Friday, August 7, 2009 - 10:50 AM

COS 123-9: Impact of climate change on the development, survival, and overwintering potential of a parasitic nematode of barrenground caribou, Ostertagia gruehneri, on the Canadian tundra

Bryanne M. Hoar, Kathreen Ruckstuhl, and Susan Kutz. University of Calgary


Climate change in the Arctic is occurring at an unprecedented rate and is anticipated to alter the ecology of northern ecosystems, including the patterns, diversity, and transmission of infectious diseases. Ostertagia gruehneri is the most common gastrointestinal nematode in caribou and can cause decreased food intake, weight loss, and reduced pregnancy rates in Rangifer species.  Because O. gruehneri has a direct life-cycle that includes a free-living stage, the development and survival rates of this parasite are influenced by climate and climate change. To investigate the response of the free-living stages of O. gruehneri to climate change, field experiments were done from May to September 2008 and May-July 2009 at the Tundra Ecosystem Research Station (TERS), Daring Lake, Northwest Territories. Fecal plots containing O. gruehneri were established on the tundra under natural and artificially warmed conditions.  Plots were sampled throughout the summer to determine development and survival rates of O. gruehneri and to compare between the two climate regimes (natural vs. warmed).  Effects of both temperature and relative humidity on development and survival were investigated throughout the field season. Three sub-samples per plot were left on the tundra in September 2008 to assess overwinter survival in the spring of 2009.


Results from the 2008 field season suggest development rate of O. gruehneri was not constant throughout the summer and was restricted in both the coldest (early June) and warmest (late July) periods of the season. Survival rates between the two treatments (natural versus warmed) with more infective larvae being recovered from the warmed treatment. In general, larval survival was relatively constant throughout the summer. The highest numbers of larvae were recovered from the plots during mid-July and late August.  Numbers of larvae declined at the end of July and this decline corresponds to the warmest time of year, suggesting that O. gruehneri has an upper tolerance threshold.

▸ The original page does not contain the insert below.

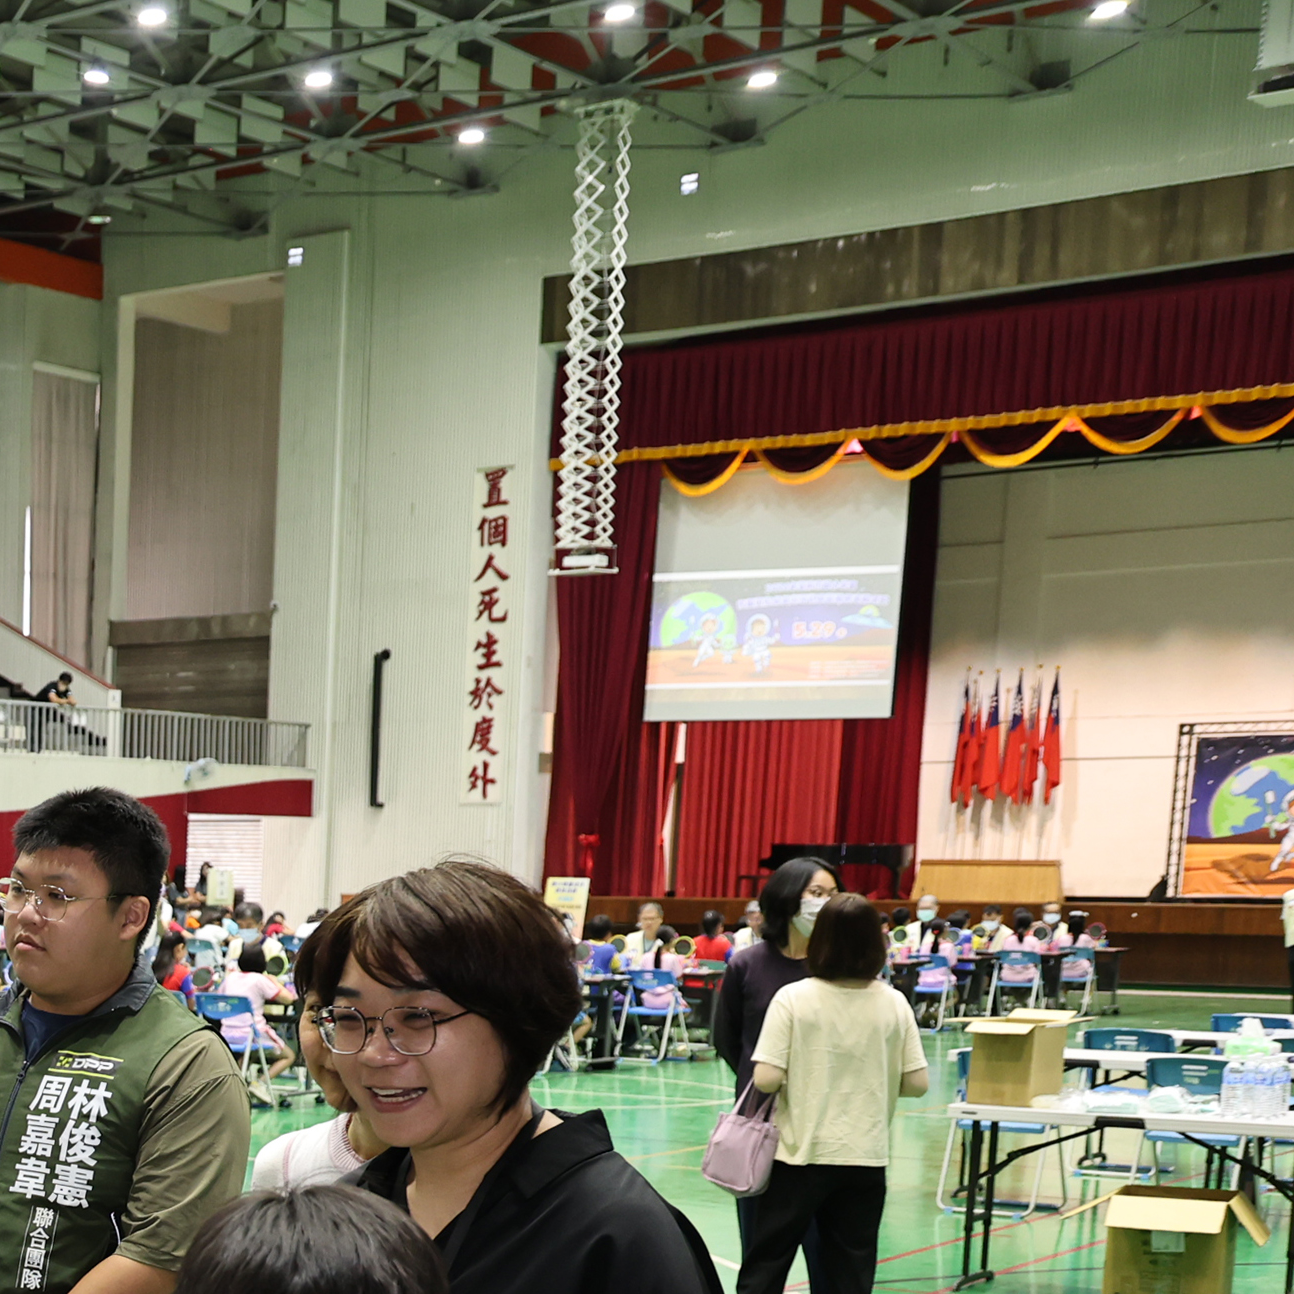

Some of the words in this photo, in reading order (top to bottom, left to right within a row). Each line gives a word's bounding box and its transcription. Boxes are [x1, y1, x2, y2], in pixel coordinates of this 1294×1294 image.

Results from the field studies suggest that development and survival of O. gruehneri are constrained by climatic thresholds.  Extreme temperatures (both high and low) affect development rate of O. gruehneri, whereas temperature and relative humidity determine survival rate. Expected increases in temperature and humidity in the Arctic are likely to impact the development, survival, and subsequent transmission dynamics of O. gruehneri. Field results will be used, together with laboratory experiments, to develop and validate conceptual and predictive models for the impacts of climate change on the epidemiology of O. gruehneri.